Before we dive in, let’s recap the exact reason NAR—and most every major brokerage in the country—was being sued. The accusation was that agent’s commissions and, by extension, home prices were artificially inflated by commingling brokers forcing the 6% commission structure on home sellers.
The settlement officially unlinked the commission compensation paid to buyer’s agents by the seller from being advertised on the Multiple Listing Services (MLSs, for short), which are the core systems used for selling one’s home. MLSs funnel data out to Zillow, Realtor.com, Homes.com and any third-party website people use to search for a home to buy.
This brings us to the first big change: Buyer’s agents can no longer see how much—if any—compensation will be paid by the seller. This allows for more negotiation and flexibility from the seller in regards commission payout.
Let’s be clear: Negotiable commissions have always been the case. As I mentioned in my last article on February 8, it’s not that some shady practice has been discovered, the commission structure was a common practice, whether or not people believed it overpriced or not, and now it’s simply been brought to public attention that they’re as negotiable as they’ve always been.
How this will play out will depend on sellers and their real estate agents. Will you pay the buyer’s agent a commission out of your sales price? How much? Will you pay anything at all? The buyer’s agent—and by extension the buyer—won’t know this until they call and ask.
The second big change is in how buyer’s agents will work with their clients going forward. Going forward, working with a buyer’s agent will require a Buyer-Broker Agreement. A document, similar to a listing agreement for a seller, that stipulates the relationship between the buyer’s agent and their clients.
This will now also have to clearly stipulate what said agent’s fee will be for their services. See the caveat? Sellers have the ability to not pay any compensation at all, which means the agent’s compensation will have to be paid by the buyer.
A better title for this article would have been “are real estate agents overpaid?” As this is exactly what sparked this nationwide class action lawsuit and all subsequent fallout.
Sadly, I must admit, there are a lot of real estate agents out there who actually are overpaid. Agents who work four hours per week looking at pretty houses, go through a quick escrow with a wealthy family member and walk away with tens of thousands in their pockets.

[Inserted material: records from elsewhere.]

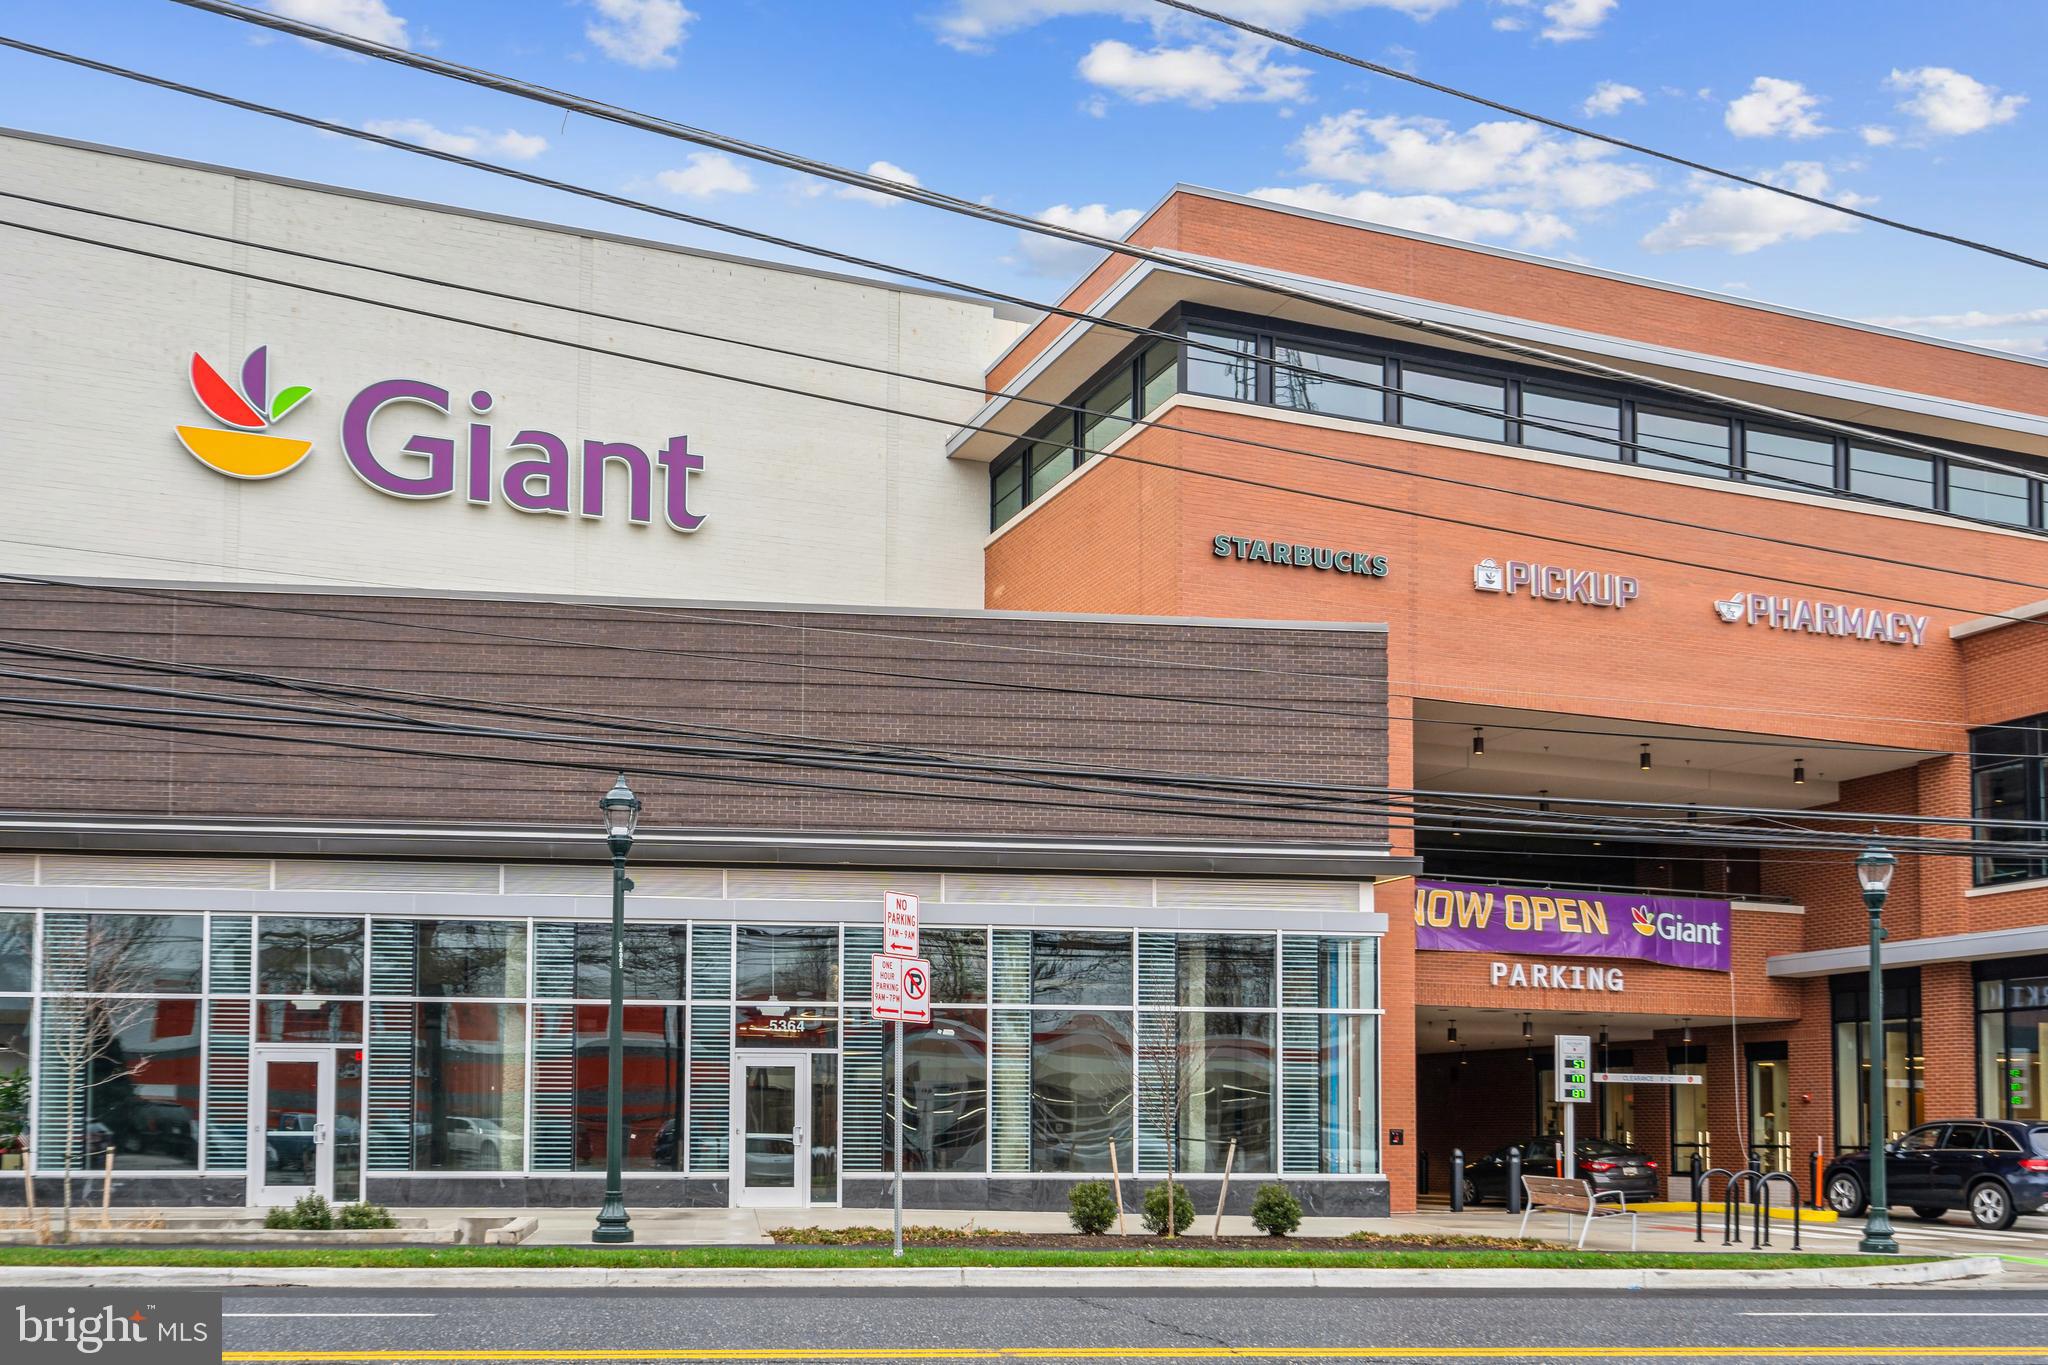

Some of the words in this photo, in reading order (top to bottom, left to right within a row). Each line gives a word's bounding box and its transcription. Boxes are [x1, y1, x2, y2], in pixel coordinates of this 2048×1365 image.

[340, 377, 709, 533] Giant
[1213, 534, 1389, 577] STARBUCKS
[1506, 560, 1639, 608] PICKUP
[1746, 593, 1929, 646] PHARMACY
[888, 912, 916, 927] PARKING
[896, 899, 908, 911] NO
[1504, 893, 1609, 935] OPEN
[1656, 912, 1724, 946] Giant
[880, 972, 895, 981] HOUR
[882, 961, 893, 970] ONE
[1490, 961, 1624, 992] PARKING
[876, 982, 899, 992] PARKING
[769, 1020, 805, 1032] 5364

In my years in the business I have met many of these agents, but have come to find they’re the exception to the rule. I’ve also seen this situation in any other work environment around. The son of the owner who inherits the company, the high-level exec who knew the right people, actors born into the industry, anyone?

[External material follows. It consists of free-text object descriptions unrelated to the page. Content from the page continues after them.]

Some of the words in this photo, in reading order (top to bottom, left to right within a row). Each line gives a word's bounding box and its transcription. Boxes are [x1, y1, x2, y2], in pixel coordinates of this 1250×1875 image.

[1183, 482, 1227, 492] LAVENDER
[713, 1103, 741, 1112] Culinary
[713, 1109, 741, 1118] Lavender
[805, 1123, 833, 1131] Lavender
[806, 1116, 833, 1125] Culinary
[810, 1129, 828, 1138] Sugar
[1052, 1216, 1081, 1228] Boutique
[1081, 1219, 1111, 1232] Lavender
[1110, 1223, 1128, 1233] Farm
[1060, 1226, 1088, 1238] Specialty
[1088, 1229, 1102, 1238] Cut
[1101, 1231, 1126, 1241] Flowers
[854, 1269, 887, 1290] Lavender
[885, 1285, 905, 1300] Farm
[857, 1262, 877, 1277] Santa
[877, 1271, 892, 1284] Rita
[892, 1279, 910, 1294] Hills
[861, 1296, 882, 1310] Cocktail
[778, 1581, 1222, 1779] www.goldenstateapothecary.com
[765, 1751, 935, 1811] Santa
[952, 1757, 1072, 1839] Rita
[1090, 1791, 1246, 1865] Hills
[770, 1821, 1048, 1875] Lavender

I mentioned in my last article that we need to see a change. The change I think we’ll see is a healthy step back and to reassess real estate as a business. I think we’ll see a drastic reduction in active, practicing, real estate agents. The estimates are that one-third of agents will leave the business following the lawsuit.
I think buyers will need to critically examine what a Realtor can offer them in their home search, now that they are likely to be responsible for their fee. Not unlike a lawyer or a doctor.
I mentioned trust needs to return as a core principle in buying a home. Trust will be the cornerstone moving forward, but pure expertise and experience will be the foundation upon which this all stands.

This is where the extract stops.